Comprehensive Puget Sound Project marine science teaching guides feature:

  • Proven hands-on/minds-on lessons
  • Enhance scientific investigation, math and reading skills
  • Key concepts, background information, materials needed, teaching hints, extension ideas, and answer keys for each lesson
  • Most activities require few materials not readily available in your classroom or local stores


Select guide title to view its Table of Contents and open the lessons
 

Discovering Puget Sound – Grades 4-6
A look at the discoveries of early people living in Puget Sound sets the stage for activities highlighting the physical, biological and human factors that influence life in the Sound. Students quantify the miles of shoreline, examine beach sediments and investigate the interdependency of the marine organisms that live in our shoreline areas to provide the background knowledge and skills necessary to take actions to assure the health of Puget Sound.

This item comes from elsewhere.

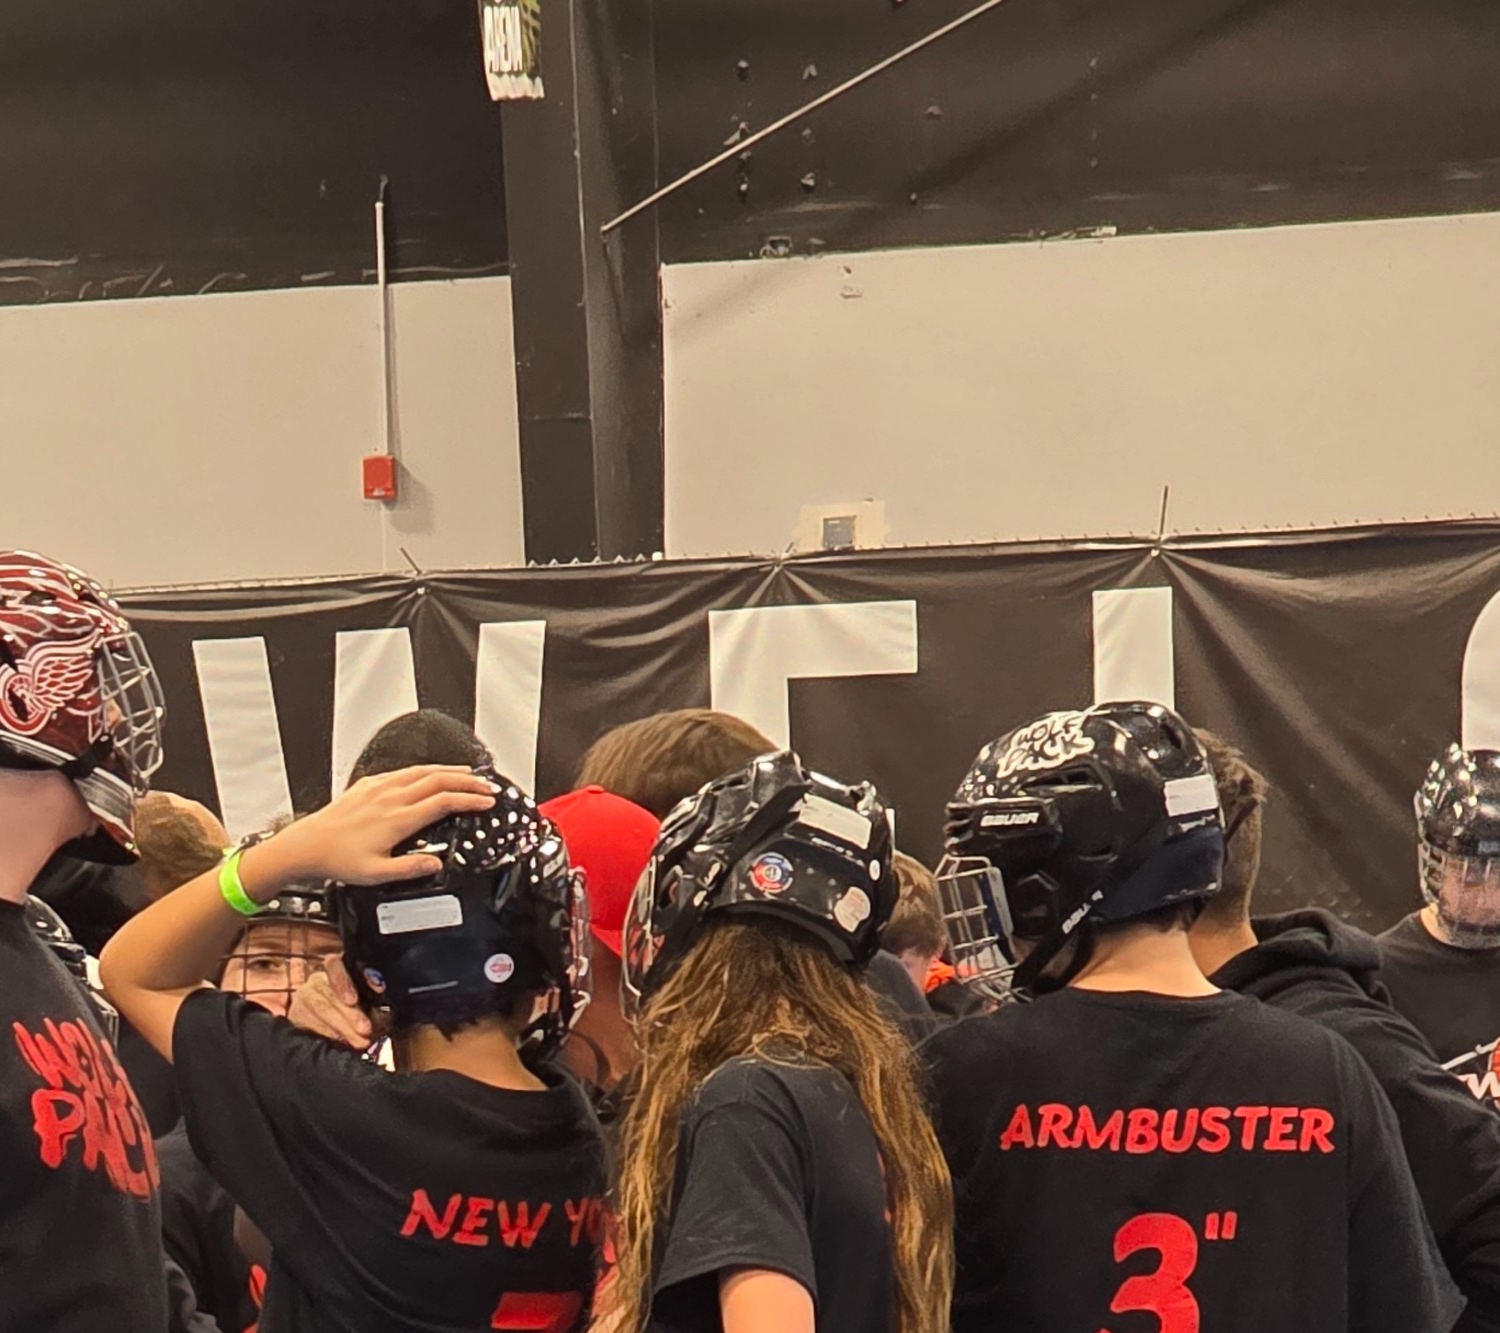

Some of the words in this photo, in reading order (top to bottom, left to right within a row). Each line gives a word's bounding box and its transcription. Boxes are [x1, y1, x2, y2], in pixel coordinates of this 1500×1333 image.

[980, 812, 1040, 827] BAUER
[999, 1103, 1336, 1154] ARMBUSTER
[400, 1188, 552, 1249] NEW

A Salmon in the Sound – Grades 6-8

Salmon serves as a vehicle to focus on Puget Sound as an ecosystem that includes rivers and watersheds as well as saltwater environments. Diverse activities which integrate material from many disiplines are united through a student text tracing the return of a Chinook salmon from the open ocean to its spawning ground in the Skykomish River watershed. From food chains and fishing to genetics and wild salmon, the activities highlight the difficult and complex choices Puget Sound residents must make concerning the management of our natural resources.


The Changing Sound – Grades 9-12

An investigation of the decline of the once abundant native Olympia oyster engages students in a wide variety of hands-on/minds-on science activities from experimentally determining the size of Puget Sound to oyster anatomy and ecology to water quality testing. Integrating material from geography, history, writing, and problem solving as well, the activities focus on human interaction with oyster populations and lead students to a consideration of actions they might take for maintaining the health of Puget Sound.